== Segment start ==
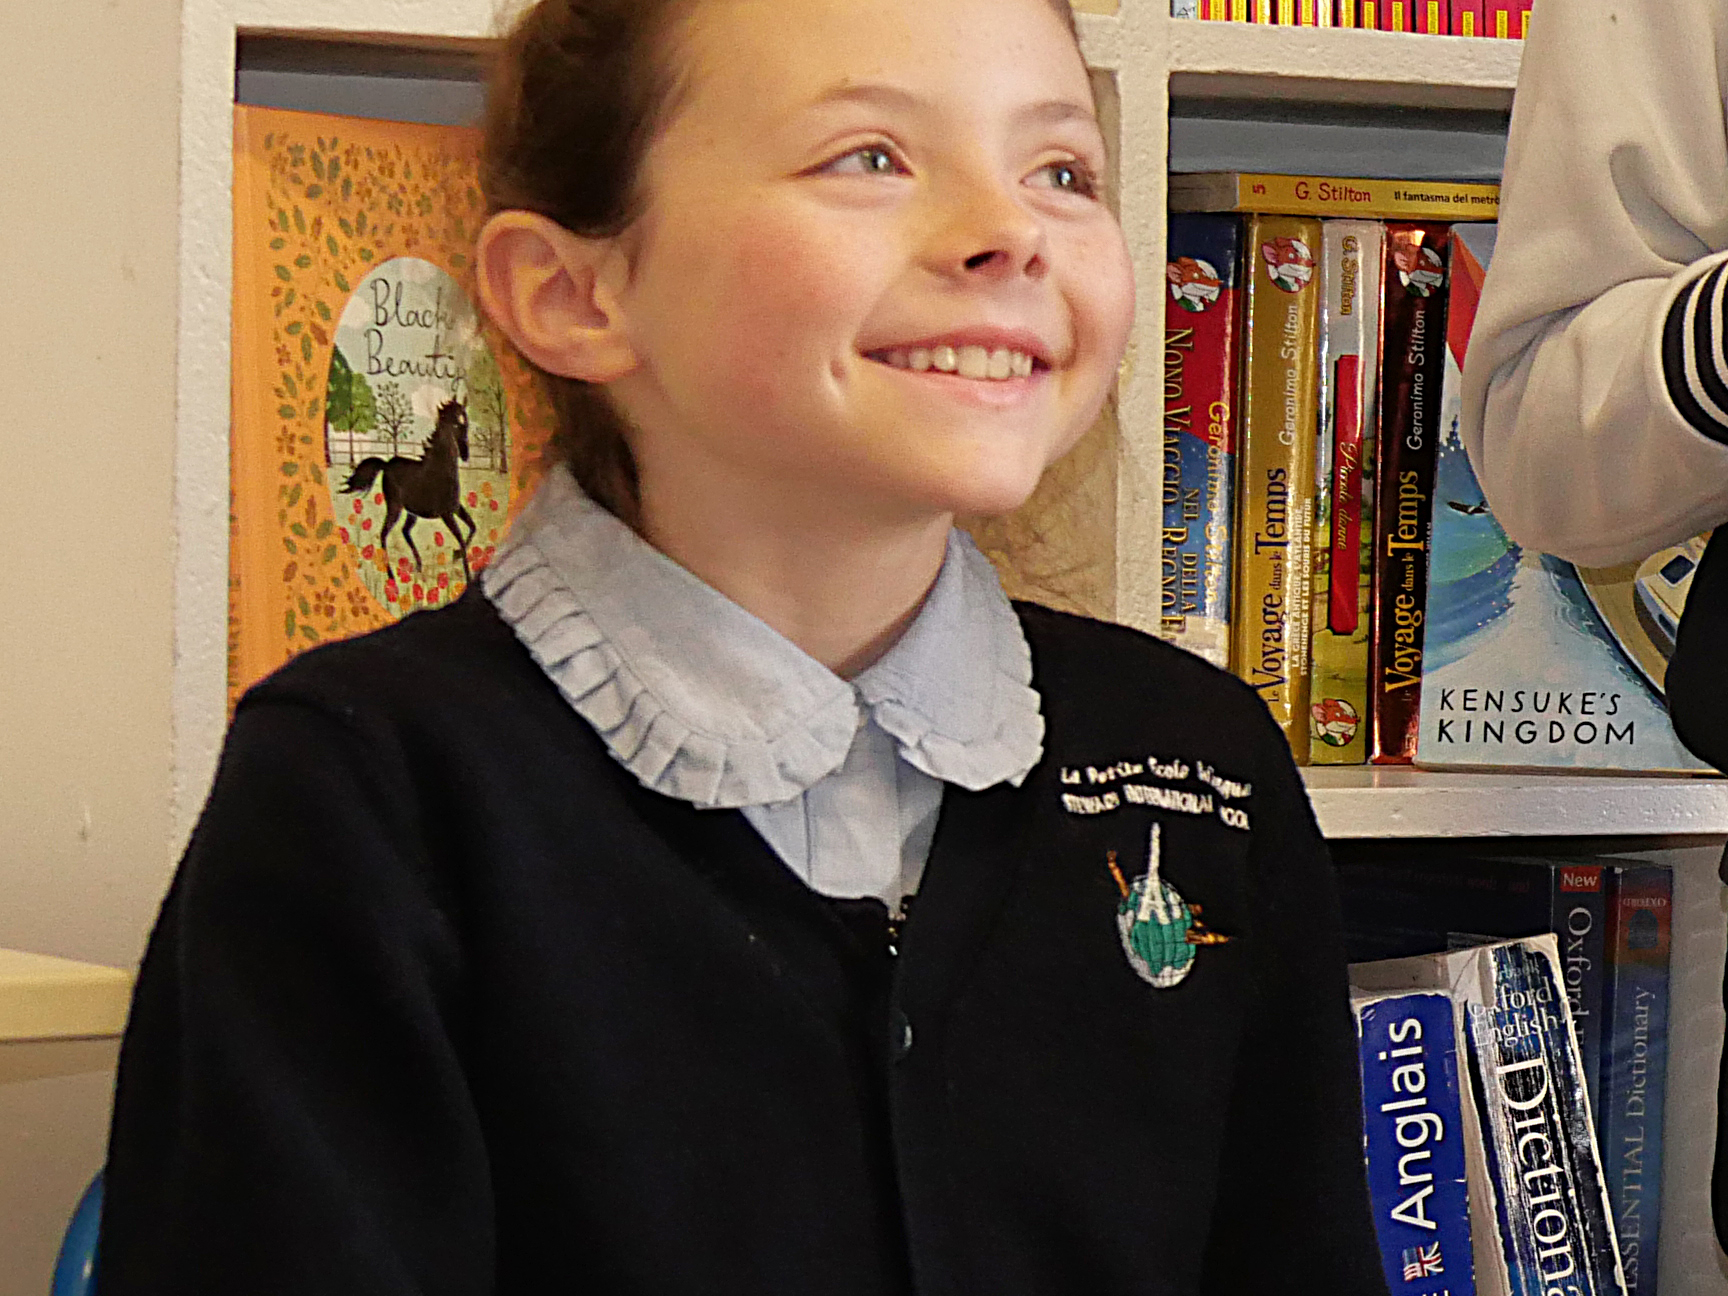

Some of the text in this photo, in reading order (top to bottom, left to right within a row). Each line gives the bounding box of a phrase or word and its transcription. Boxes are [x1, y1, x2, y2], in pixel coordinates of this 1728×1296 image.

[1295, 181, 1311, 201] G.
[1318, 183, 1371, 203] Stilton
[1403, 191, 1450, 203] fantasma
[1452, 193, 1468, 203] del
[370, 278, 453, 330] Black
[1339, 257, 1357, 315] Stilton
[366, 330, 469, 387] Beauty
[1279, 305, 1298, 446] Geronimo Stilton
[1406, 310, 1425, 450] Geronimo Stilton
[1201, 400, 1231, 604] Geronimo Stilton
[1255, 467, 1290, 555] Temps
[1181, 552, 1197, 610] DELLA
[1270, 562, 1282, 590] dans
[1384, 469, 1427, 693] Voyage dans le Temps
[1252, 592, 1289, 689] Voyage
[1440, 689, 1621, 716] KENSUKE'S
[1438, 720, 1636, 746] KINGDOM
[1562, 872, 1597, 887] New
[1626, 986, 1655, 1116] Dictionary
[1380, 1017, 1444, 1231] Anglais
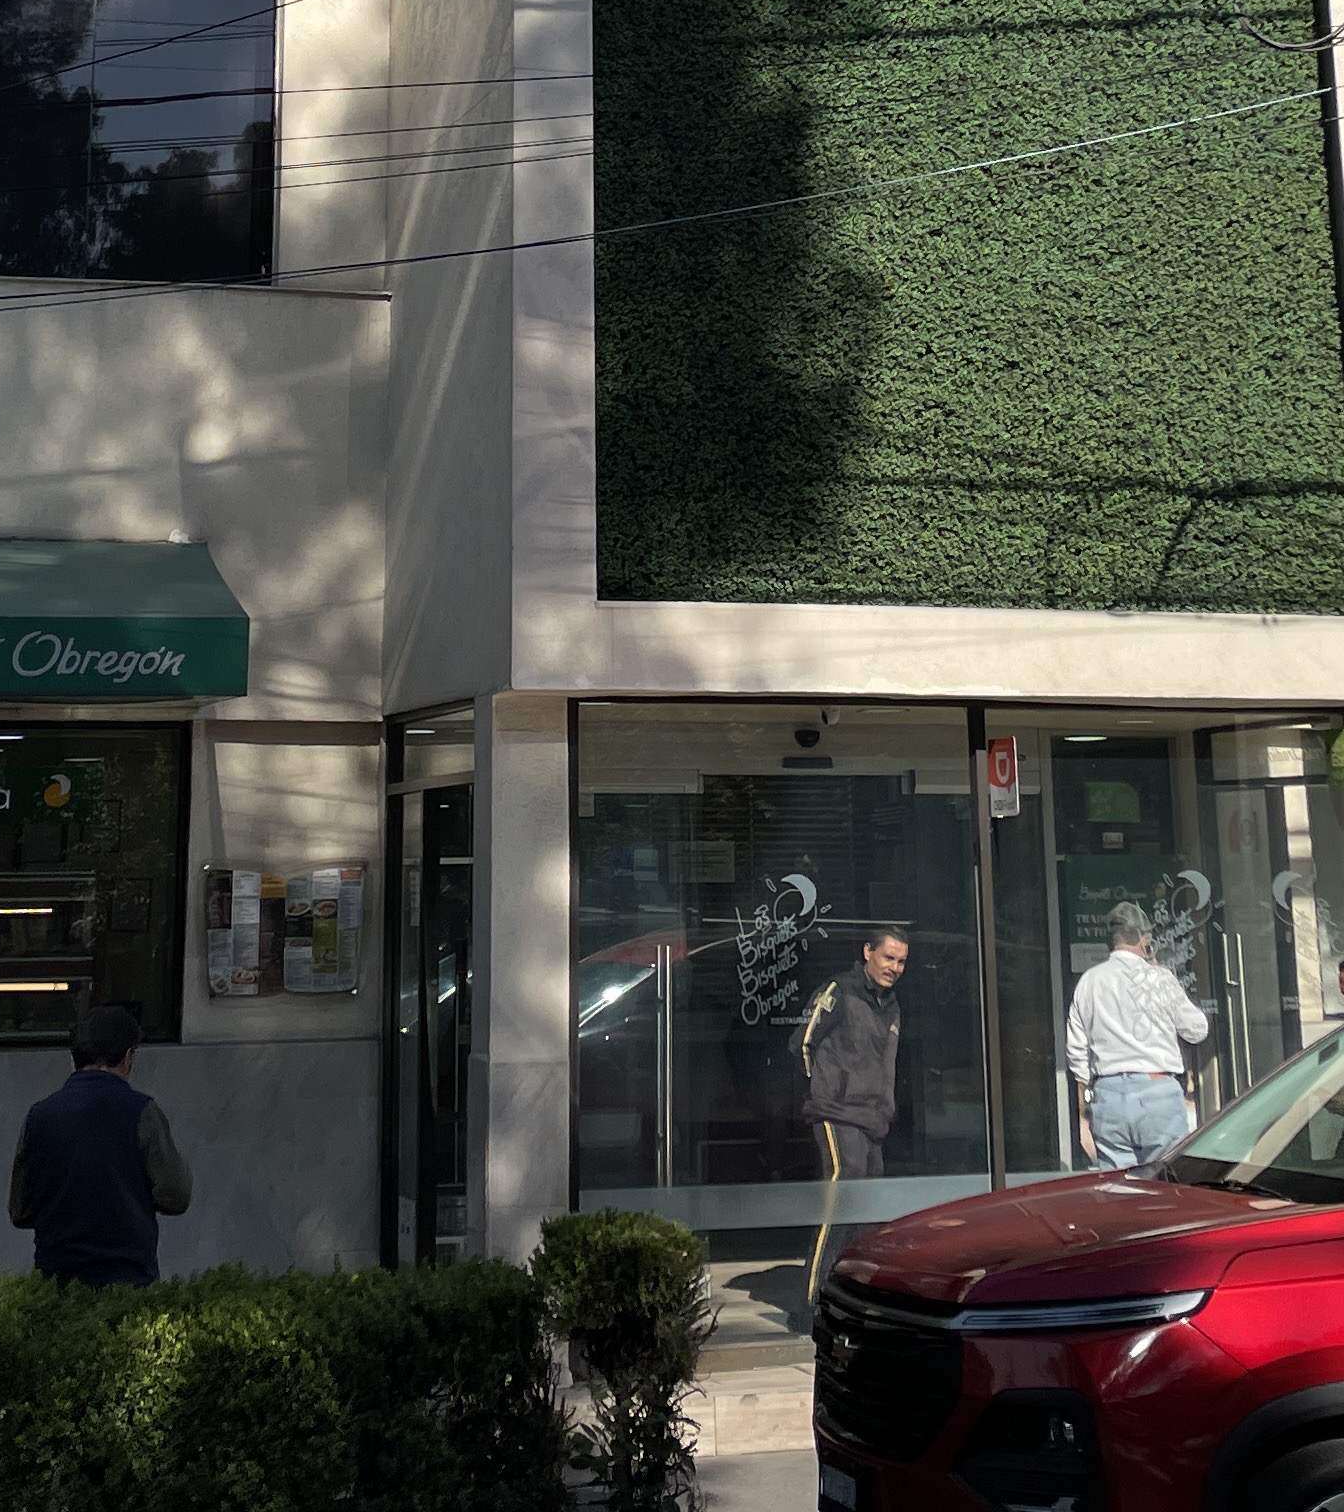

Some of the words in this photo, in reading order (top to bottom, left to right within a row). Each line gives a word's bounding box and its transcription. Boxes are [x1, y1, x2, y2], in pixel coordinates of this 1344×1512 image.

[12, 630, 186, 684] Obregón
[736, 914, 799, 968] Bisquets
[737, 942, 799, 997] Bisquets
[741, 979, 799, 1025] Obregón
== Segment end ==
— Task brief —
Return exactly the lines from the line holding "Some of the words" to the last line of the data, with both of those lines included and nothing added.

— Result for this exercise —
Some of the words in this photo, in reading order (top to bottom, left to right within a row). Each line gives a word's bounding box and its transcription. Boxes are [x1, y1, x2, y2], in pixel coordinates of this 1344×1512 image.

[12, 630, 186, 684] Obregón
[736, 914, 799, 968] Bisquets
[737, 942, 799, 997] Bisquets
[741, 979, 799, 1025] Obregón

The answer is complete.